Jesus' Coming Back

Likud aims to pass bills on direct elections, death penalty, outposts

The Likud will expedite a series of bills supported by the Right on Tuesday and Wednesday, before Yesh Atid leader Yair Lapid is expected to be given the mandate to form a government after Prime Minister Benjamin Netanyahu’s expires on Tuesday at midnight.
The sweeping legislation, if given final approval, would change the nature of Israel’s legal and electoral system as well as expand its footprint in Area C of the West Bank.
The bills include legislation that would initiate direct elections for prime minister, cancel the 2005 Gaza Strip withdrawal, institute the death penalty for terrorists, prevent the entrance of migrant workers, add more judges to and enable the bypassing of the Supreme Court, legalize unauthorized West Bank outposts and cancel Blue and White leader Benny Gantz’s rotation with Netanyahu as prime minister.
As a first step in the process, the Knesset Arrangements Committee currently headed by Likud Faction chairman Miki Zohar is set to meet at 5:30 p.m. this afternoon to vote on fast-tracking the legislation.
The committee vote must happen immediately because the Likud’s control of it is linked to Netanyahu’s possession of a mandate to form a government.
Netanyahu, however, is not expected to meet the midnight deadline for creating a 61-member coalition.
If President Reuven Rivlin hands the mandate over to Lapid, something that could happen as early as Wednesday night, chairmanship of the Arrangements Committee will shift to Yesh Atid MK Karin Elharar.
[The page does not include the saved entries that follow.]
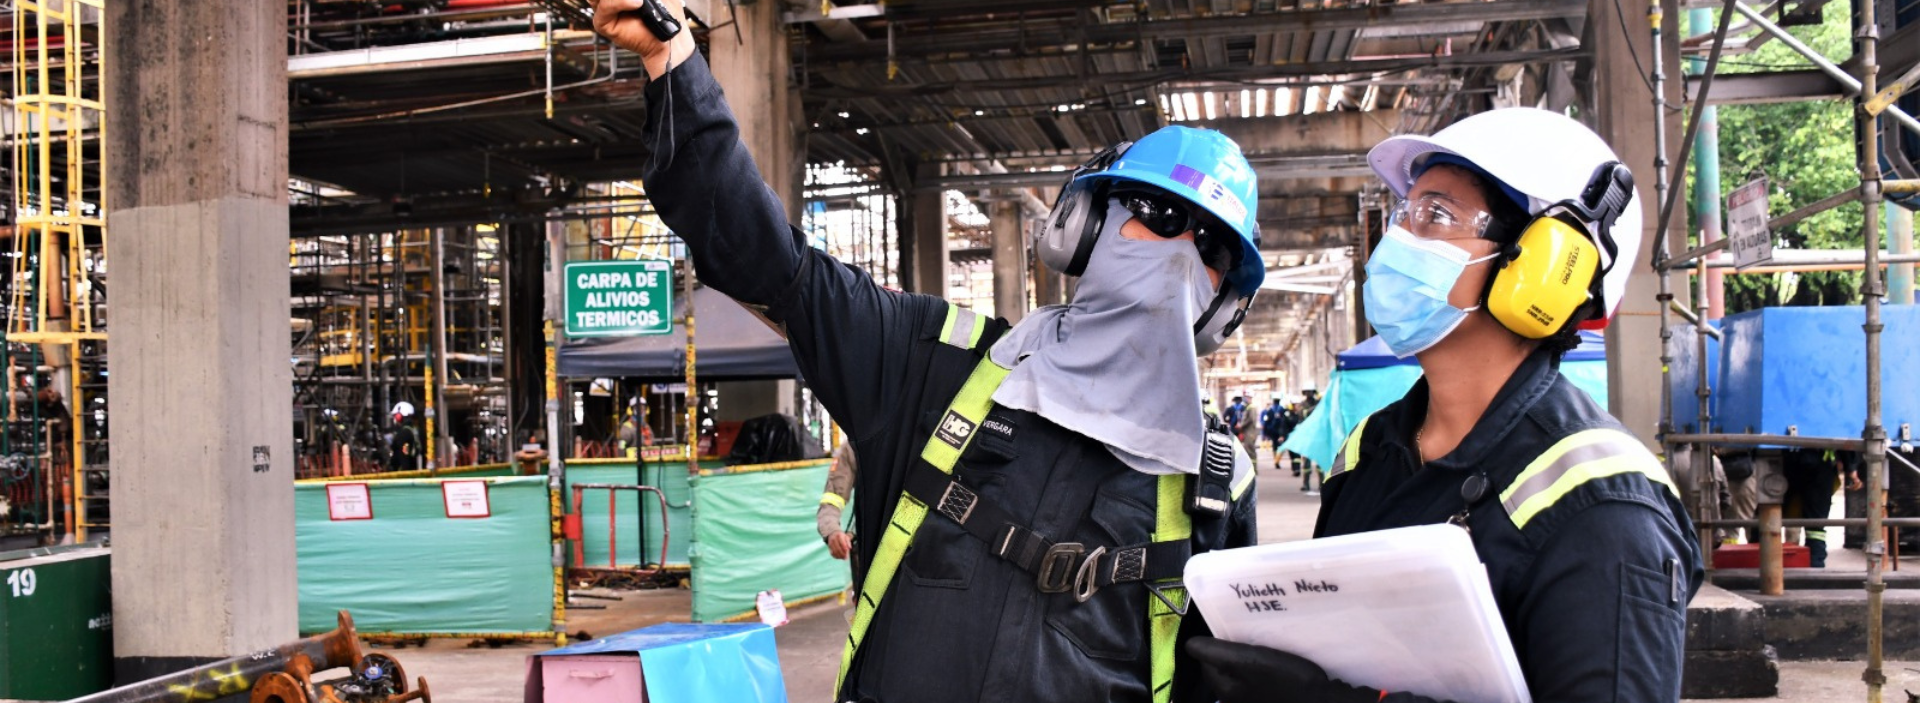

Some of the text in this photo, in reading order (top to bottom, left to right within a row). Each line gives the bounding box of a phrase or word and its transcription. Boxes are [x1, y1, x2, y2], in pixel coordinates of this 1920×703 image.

[1562, 246, 1580, 286] STEELPRO
[577, 271, 658, 289] CARPA DE
[585, 291, 650, 308] ALIVIOS
[576, 309, 660, 327] TERMICOS
[982, 420, 1013, 436] VERGARA
[7, 568, 36, 597] 19
[1294, 579, 1339, 593] Nieto
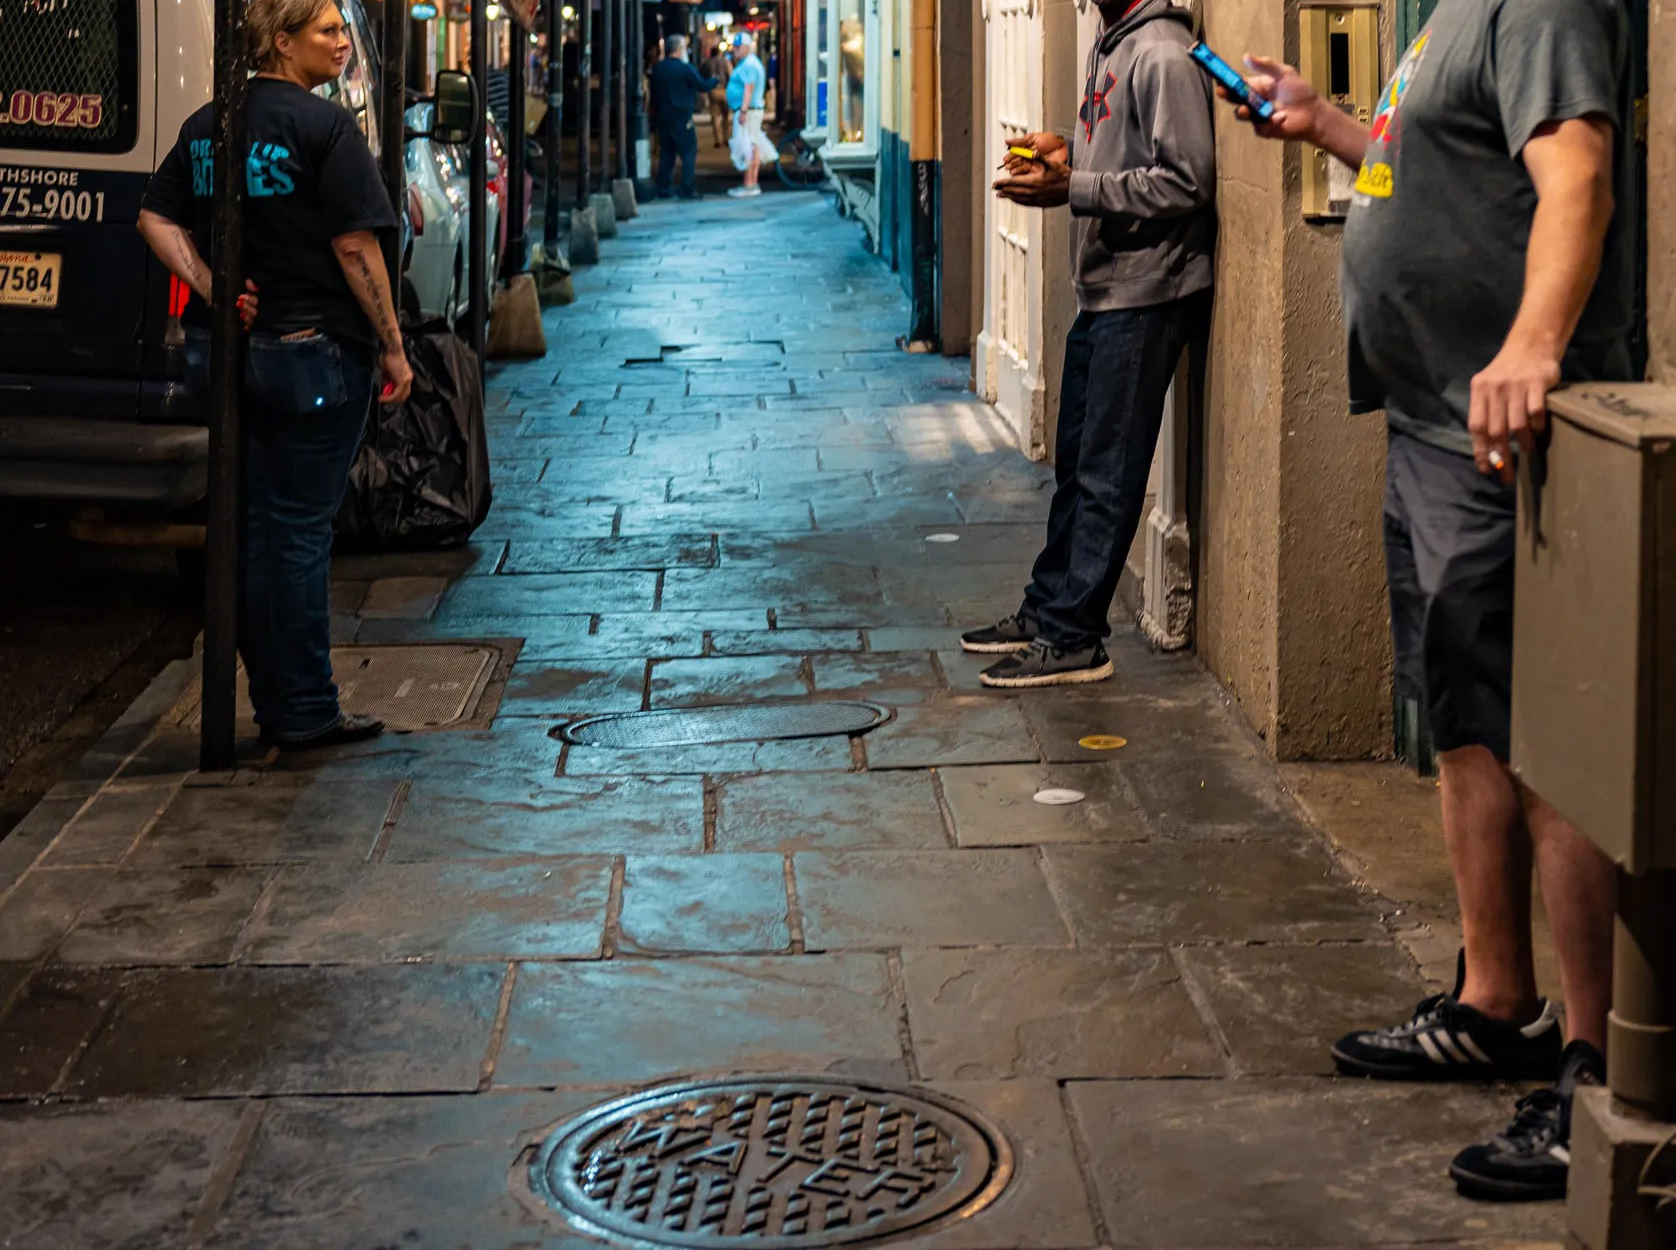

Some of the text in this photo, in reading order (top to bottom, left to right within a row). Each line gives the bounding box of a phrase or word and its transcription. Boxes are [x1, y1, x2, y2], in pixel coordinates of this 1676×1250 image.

[0, 89, 103, 129] .0625
[0, 265, 53, 293] 7584
[615, 1121, 936, 1208] WATER
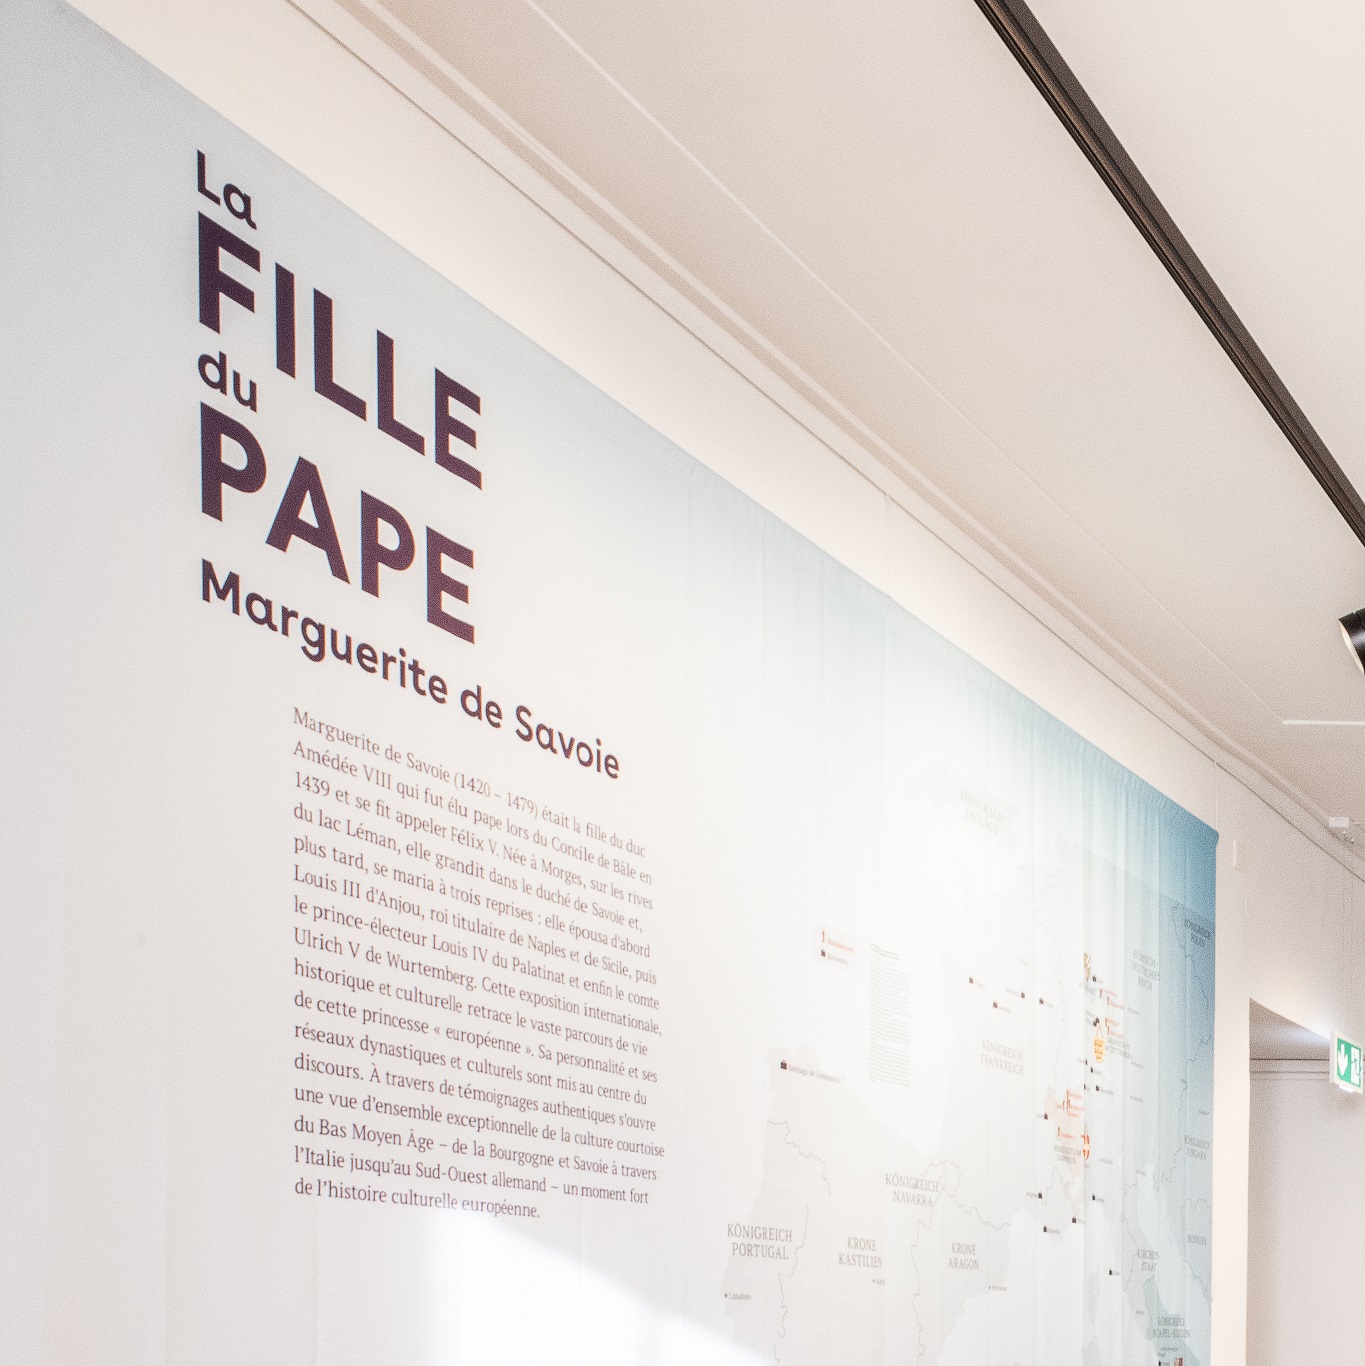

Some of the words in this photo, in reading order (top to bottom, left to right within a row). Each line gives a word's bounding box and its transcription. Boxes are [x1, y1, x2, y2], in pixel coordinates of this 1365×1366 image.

[197, 149, 257, 229] La
[197, 350, 257, 412] du
[198, 211, 482, 490] FILLE
[199, 400, 475, 644] PAPE
[201, 558, 448, 704] Marguerite
[460, 684, 502, 728] de
[514, 704, 620, 780] Savoie
[292, 706, 381, 756] Marguerite
[383, 743, 402, 765] de
[405, 751, 451, 784] Savoie
[452, 773, 491, 798] (1420
[505, 791, 539, 820] 1479)
[539, 808, 570, 830] était
[571, 816, 582, 835] la
[584, 821, 608, 844] fille
[607, 831, 624, 851] du
[624, 838, 646, 859] duc
[292, 739, 359, 778] Amédée
[361, 764, 392, 791] VIII
[394, 781, 420, 801] qui
[422, 786, 444, 809] fut
[446, 798, 468, 819] élu
[471, 808, 503, 831] pape
[505, 817, 530, 841] lors
[531, 828, 548, 848] du
[549, 835, 595, 865] Concile
[595, 852, 611, 870] de
[611, 857, 637, 880] Bâle
[637, 871, 653, 886] en
[292, 801, 314, 824] du
[317, 808, 342, 833] lac
[345, 818, 402, 855] Léman,
[404, 840, 432, 863] elle
[433, 852, 485, 880] grandit
[487, 866, 519, 891] dans
[520, 877, 533, 896] le
[534, 883, 572, 908] duché
[572, 896, 589, 914] de
[590, 901, 626, 926] Savoie
[626, 917, 644, 934] et,
[292, 926, 343, 956] Ulrich
[346, 940, 361, 959] V
[364, 945, 383, 965] de
[385, 950, 478, 992] Wurtemberg.
[480, 975, 516, 999] Cette
[517, 989, 580, 1016] exposition
[582, 1001, 663, 1038] internationale,
[293, 894, 309, 916] le
[311, 905, 428, 948] prince-électeur
[430, 933, 469, 959] Louis
[471, 945, 489, 964] IV
[490, 951, 509, 970] du
[510, 955, 566, 986] Palatinat
[567, 975, 580, 989] et
[581, 979, 613, 998] enfin
[613, 984, 625, 1001] le
[625, 992, 660, 1011] comte
[292, 956, 375, 994] historique
[377, 982, 392, 998] et
[394, 985, 463, 1014] culturelle
[466, 1003, 513, 1026] retrace
[514, 1010, 527, 1029] le
[528, 1018, 562, 1037] vaste
[563, 1026, 614, 1049] parcours
[614, 1035, 630, 1053] de
[630, 1040, 649, 1057] vie
[292, 1051, 364, 1081] discours.
[367, 1067, 381, 1084] À
[384, 1070, 435, 1093] travers
[437, 1078, 455, 1097] de
[456, 1082, 539, 1113] témoignages
[540, 1100, 617, 1126] authentiques
[293, 1087, 324, 1105] une
[327, 1092, 358, 1110] vue
[445, 1112, 539, 1139] exceptionnelle
[540, 1123, 558, 1141] de
[559, 1126, 572, 1143] la
[572, 1130, 615, 1150] culture
[615, 1139, 666, 1158] courtoise
[293, 1176, 314, 1196] de
[389, 1188, 459, 1209] culturelle
[459, 1199, 541, 1219] européenne.
[414, 1161, 488, 1186] Sud-Ouest
[490, 1171, 547, 1193] allemand
[561, 1183, 579, 1197] un
[579, 1185, 627, 1202] moment
[628, 1187, 649, 1205] fort
[885, 1173, 939, 1193] KÖNIGREICH
[893, 1191, 934, 1208] NAVARRA
[727, 1223, 792, 1242] KÖNIGREICH
[732, 1242, 789, 1260] PORTUGAL
[838, 1253, 883, 1268] KASTILIEN
[847, 1236, 877, 1252] KRONE
[948, 1258, 980, 1270] ARAGON
[951, 1242, 977, 1255] KRONE
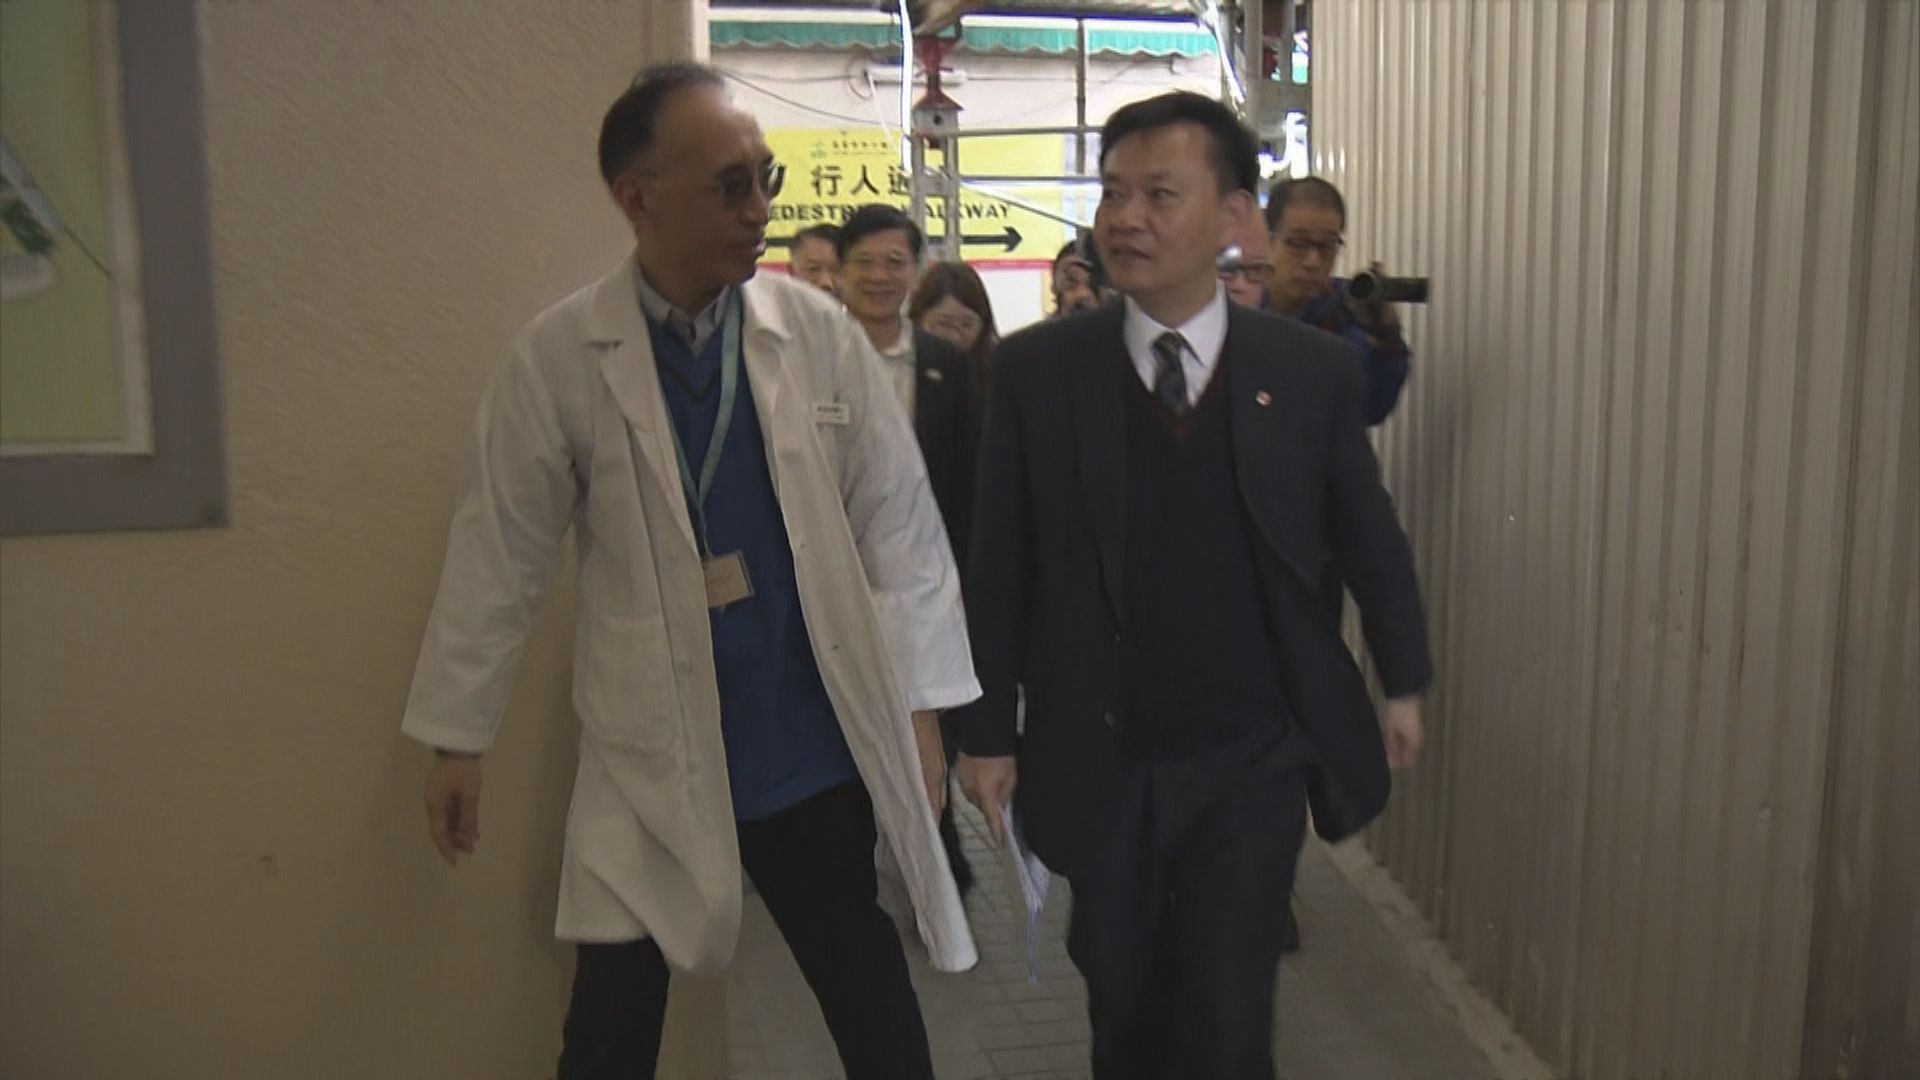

Before that happens, Zohar wants to advance key legislation, which could be brought to the plenum as early as Wednesday. Most of these bills have majority support.
When it comes to votes, the right-wing parties, including those in the anti-Netanyahu camp, control the Knesset, unless they are reined in by the politics of coalition building.
Expediting the legislation could be largely symbolic, since the bills would still have to pass three readings and it’s unclear if there would be enough time for this legislative process to be completed before the Knesset would be dispersed if the country heads to a fifth election.
Should Lapid or another politician succeed in forming a coalition, that government would then take control of the Knesset’s legislative agenda. In the interim, however, there is a narrow window of political opportunity for the Israeli right to make substantive legislative changes.
This includes legislation that would set in motion a two-year process to legalize some 70 West Bank outposts and provide them with de-facto legal standing in the interim.
Another bill would also repeal the 2005 Disengagement Laws under whose terms Israel withdrew from Gaza, destroying 21 settlements there and uprooting four settlements in northern Samaria. Passage of the bill, however, would not mean an Israeli return to Gaza, which is now ruled by Hamas. But it would at least allow Israel to rebuild the four northern Samaria communities that were razed in 2005.